Em regiões onde as convenções coletivas já tratam do trabalho em feriados, o impacto tende a ser menor. Já em locais onde a prática dependia apenas de acordo direto entre empresa e empregado, a adaptação pode exigir novas negociações entre sindicatos e representantes do comércio.
As garantias previstas para quem trabalha no feriado
A legislação trabalhista prevê direitos para quem cumpre expediente em feriado. Em regra, o trabalho nessas datas deve ser compensado com folga em outro dia. Quando a compensação não ocorre, o empregado tem direito ao pagamento em dobro pelas horas trabalhadas.
Esses direitos também podem ser detalhados em acordos ou convenções coletivas, que costumam definir regras específicas para cada categoria.

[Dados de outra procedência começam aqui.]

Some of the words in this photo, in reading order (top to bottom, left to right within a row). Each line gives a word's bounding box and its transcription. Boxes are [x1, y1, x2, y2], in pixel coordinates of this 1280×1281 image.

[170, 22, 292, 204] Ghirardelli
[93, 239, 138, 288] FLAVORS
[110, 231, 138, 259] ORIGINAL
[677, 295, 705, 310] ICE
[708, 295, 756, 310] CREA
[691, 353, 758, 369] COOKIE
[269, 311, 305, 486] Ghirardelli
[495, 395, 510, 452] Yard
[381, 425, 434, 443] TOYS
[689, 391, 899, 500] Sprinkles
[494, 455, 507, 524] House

As garantias mais comuns são:
- Folga compensatória em outro dia, quando houver trabalho no feriado;
- Pagamento em dobro das horas trabalhadas, caso não seja concedida folga compensatória;
- Pagamento de horas extras, com adicional mínimo de 50%, somente quando o trabalho no feriado ultrapassar a jornada normal do empregado;
- Benefícios ou regras adicionais previstos em acordo ou convenção coletiva, como vale-alimentação extra, ajuda de custo, bônus ou condições específicas para determinadas categorias.
As regras podem variar conforme a categoria, a região e a convenção coletiva. Em setores como supermercados, farmácias e padarias, a CCT pode prever condições específicas, como escala de trabalho, folga compensatória, pagamento em dobro, vale extra ou outros adicionais.
O que continua valendo no trabalho aos domingos
A principal mudança tratada pela portaria recai sobre o trabalho em feriados no comércio. O trabalho aos domingos continua sujeito às regras próprias de escala, descanso semanal remunerado e normas coletivas aplicáveis a cada categoria.
Continuam relevantes para os domingos:
- Regras de escala de trabalho;
- Garantia de descanso semanal remunerado;
- Necessidade de repouso coincidir com o domingo dentro dos prazos previstos em lei;
- Condições adicionais previstas em convenção coletiva;
- Regimes próprios para atividades essenciais e setores com funcionamento contínuo.
Trabalhadores em dúvida sobre as regras aplicáveis à sua categoria podem consultar o sindicato local ou buscar informações nos canais oficiais do Ministério do Trabalho e Emprego.
Em caso de descumprimento das exigências, a denúncia pode ser feita aos órgãos competentes, sem necessidade de iniciar imediatamente um processo judicial.